I thought about it for a moment and then the answer came to me. “A taxi service,” I said.
As we drove down Indian Springs Drive, the Leg told me to make a left up ahead. I knew exactly where we were going. Layla recognized it as well when she spotted the control tower in the distance.
We pulled into the parking lot of the Harrison County Airport, the same place Abe’s private jet had departed from earlier in the week. I put the truck in park, and we got out. An old single-engine Cessna 152 was executing a touch-and-go, landing on the runway and then immediately speeding up and taking off again.
“The phone gets here at 11:41,” the Leg began, “and it remains here for about two and a half hours.”
“Doing what?” I asked aloud.
“Don’t know. But just after 2:00 a.m., it travels by vehicle the reverse route we just took and doesn’t stop until it arrives back at the Compound.”
We approached the chain-link fence that separated the small airport from the forest around it. The sound of footsteps along gravel stirred on our right. Someone was walking along the fence, toward us. I saw her Wayfarers first.
Charlotte Mayhew sauntered up to us with a smile. “Hello,” she said, as if it were perfectly normal that the four of us would meet this way.
“What the hell are you doing here?” I demanded. “Did you follow us?”
“Please, I was already here when you arrived. Care to tell me what brings you to this part of town?” She was so calm and confident. She had this way of asking questions while giving the impression she already had the answers. If she hadn’t become a reporter, she would have made an excellent attorney.
“We were going to take my Gulfstream for a jaunt to Cancún, but the damn pilot is late,” the Leg said.
Mayhew smiled at her. “You don’t know why you’re here, do you?”
“Why are you here?” the Leg asked.
“If you want to trade secrets, give me a call,” Mayhew said as she removed a business card from her backpack.

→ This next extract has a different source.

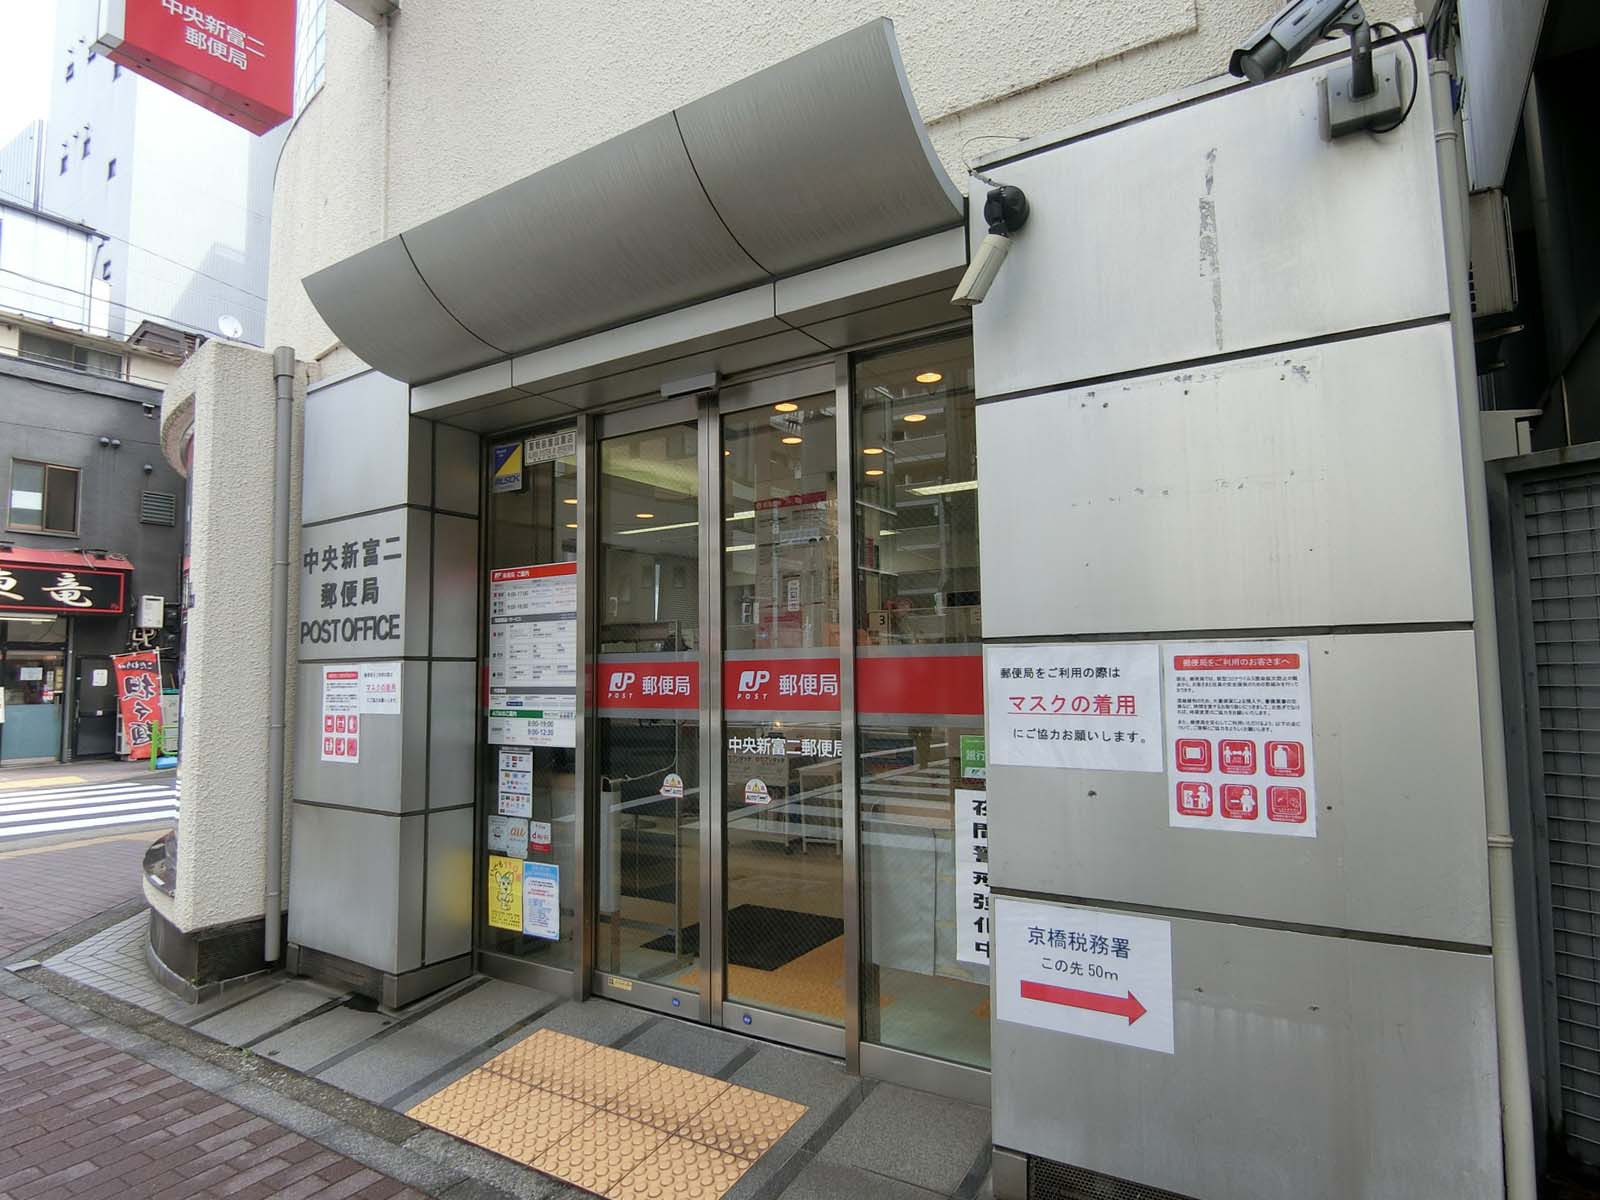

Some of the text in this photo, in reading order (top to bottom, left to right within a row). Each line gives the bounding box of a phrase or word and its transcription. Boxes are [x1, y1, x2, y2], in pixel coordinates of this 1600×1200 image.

She scribbled something on it and handed it to the Leg.
“What’s this?” the Leg asked, looking at the handwritten note.
“Call it a gesture of goodwill,” the reporter said as she put her bag over her shoulder and walked away.
“What the fuck is going on?” I said to my team.
“So this could be Sam’s last day as a licensed attorney?” Layla asked.
“From your lips to God’s ears,” I replied.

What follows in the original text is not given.